In this notebook, we demonstrate how to use the xcube EOPF data store to access multiple Sentinel-2 EOPF Zarr products and generate 3D analysis-ready data cubes (ARDC).
For a general introduction to the xcube EOPF Data Store, see the introduction notebook.
🐙 GitHub: EOPF Sample Service – xcube-eopf
❗ Issue Tracker: Submit or view issues
📘 Documentation: xarray-eopf Docs
Main Features of the xcube-eopf Data Store for Sentinel-2¶
Sentinel-2 provides multi-spectral imagery at different native spatial resolutions:
10 m: B02, B03, B04, B08
20 m: B05, B06, B07, B8A, B11, B12
60 m: B01, B09, B10
Sentinel-2 products are organized as STAC Items, each representing a single tile stored in its native UTM coordinate reference system (CRS).

Data Cube Generation Workflow¶
STAC Query: Relevant STAC Items (tiles) are retrieved via the STAC API based on the specified spatial and temporal extent (
bboxandtime_range).Sorting: Items are ordered by acquisition time and tile ID.
Native Alignment: Within each UTM zone, tiles from the same acquisition day are aligned in their native CRS without reprojection. Overlapping pixels are resolved by selecting the first non-NaN value according to item order.

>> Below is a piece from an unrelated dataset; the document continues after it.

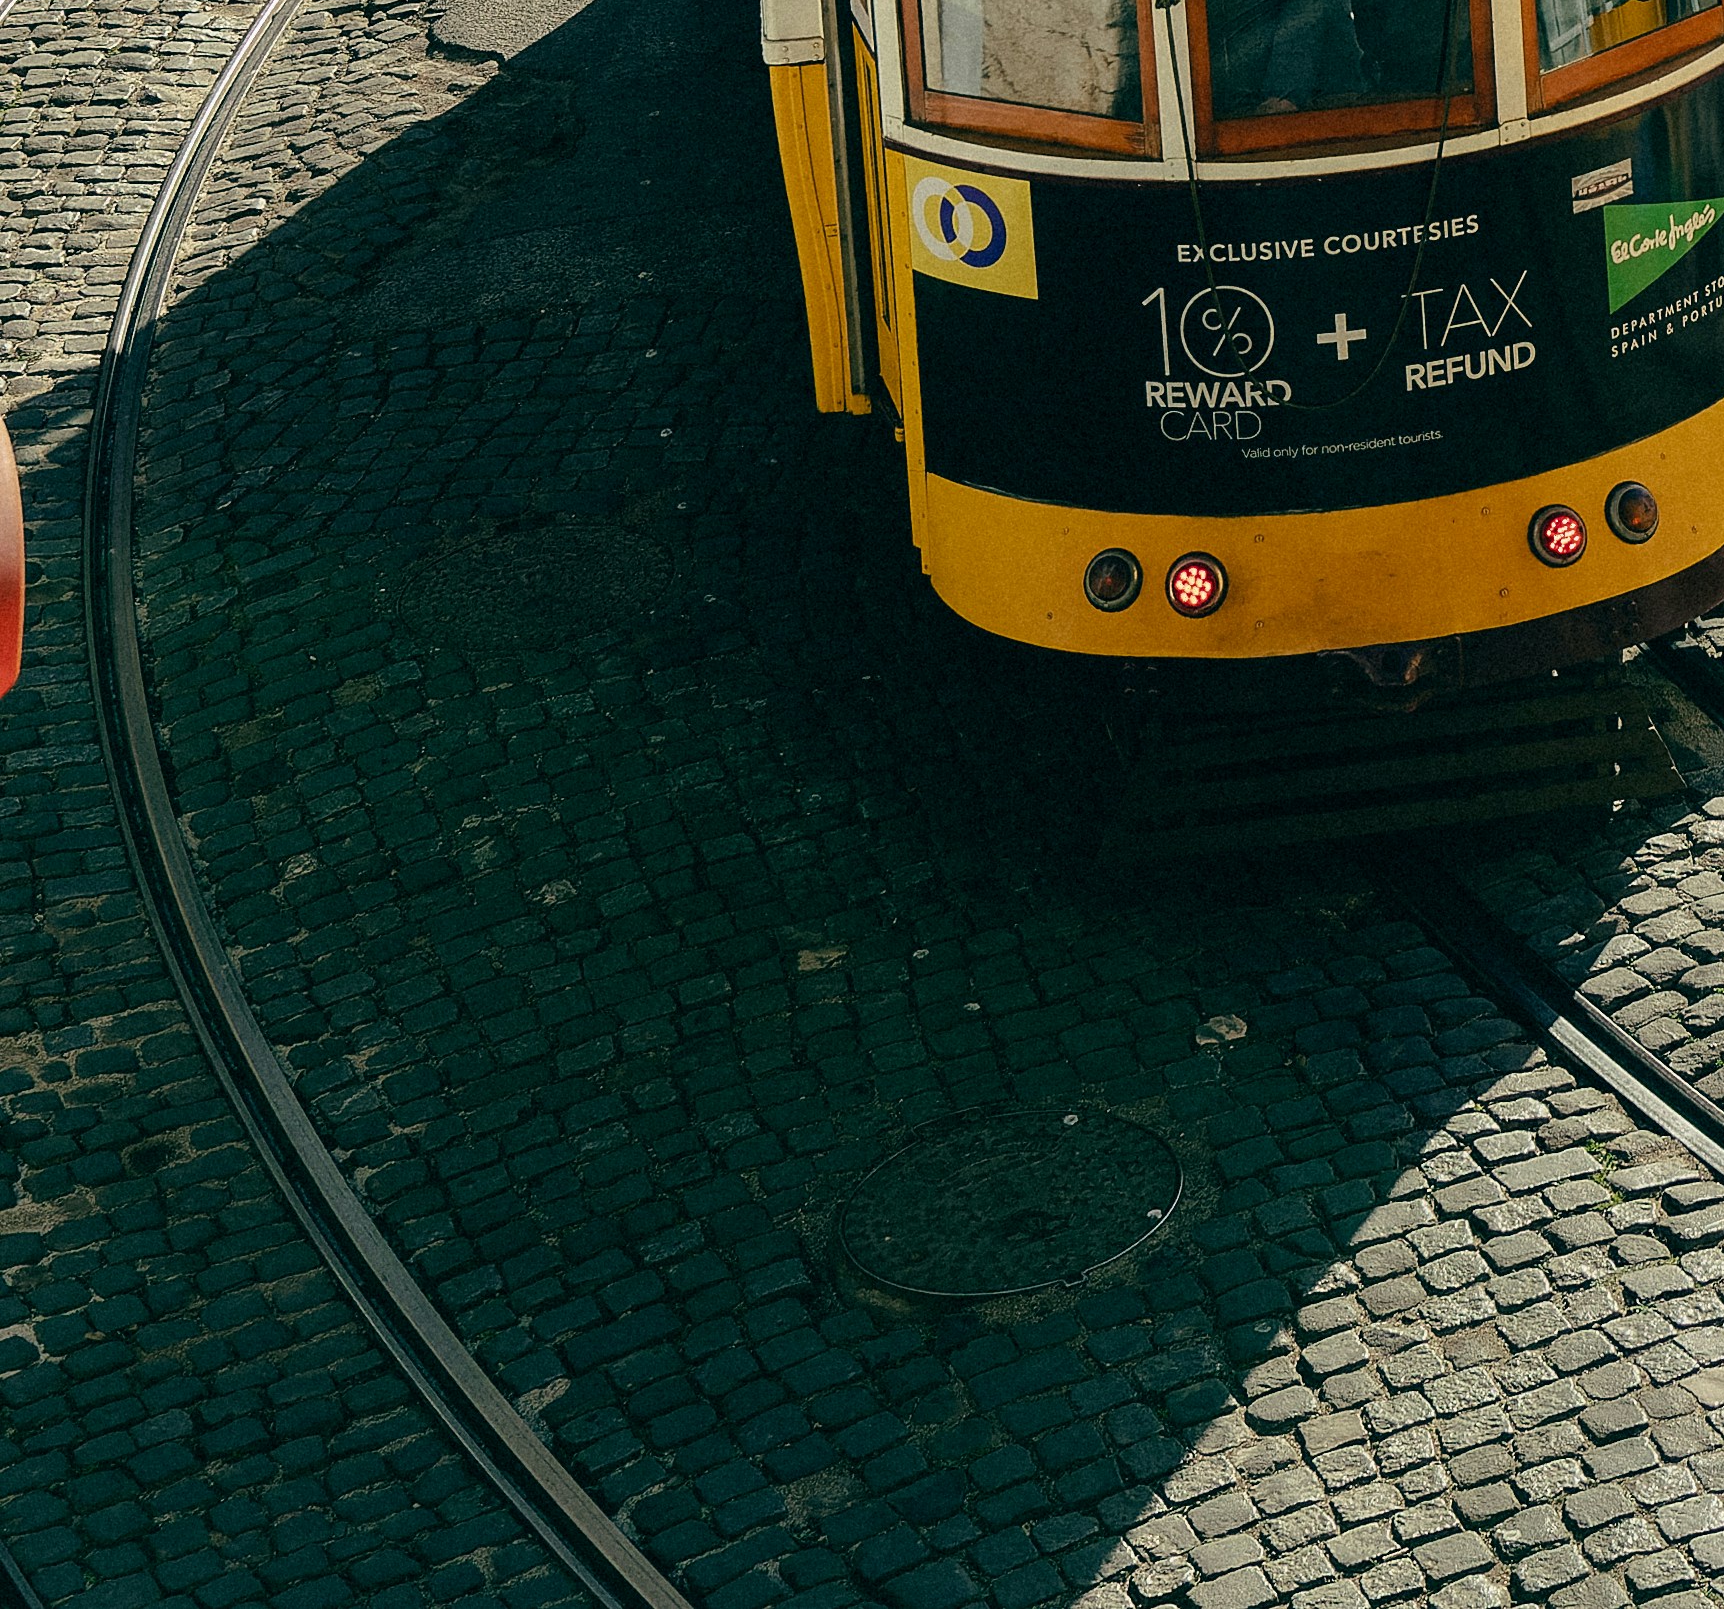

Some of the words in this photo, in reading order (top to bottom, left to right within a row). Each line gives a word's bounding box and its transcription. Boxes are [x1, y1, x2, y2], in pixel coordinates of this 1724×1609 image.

Cube Assembly: The cube generation strategy depends on the request, as summarized below:
| Scenario | Native Resolution Preservation | Reprojected or Resampled Cube |
|---|---|---|
| Condition | Bounding box lies within a single UTM zone, the native CRS is requested, and the spatial resolution matches the native resolution. | Data spans multiple UTM zones, a different CRS is requested (e.g., EPSG:4326), or a custom spatial resolution is specified. |
| Processing | Only upsampling or downsampling is applied to align spectral bands with different resolutions. The cube is cropped to the requested bounding box, preserving original pixel values. The spatial extent may slightly adjust to the native grid. | A target grid is defined based on the bounding box, spatial resolution, and CRS. Data from each UTM zone is reprojected/resampled to this grid. Overlaps are resolved using the first non-NaN values. |
Users can specify any spatial resolution and coordinate reference system (CRS) when calling open_data. Depending on the request, spectral bands may be resampled (upsampled or downsampled) and/or reprojected to match the target grid using xcube-resampling.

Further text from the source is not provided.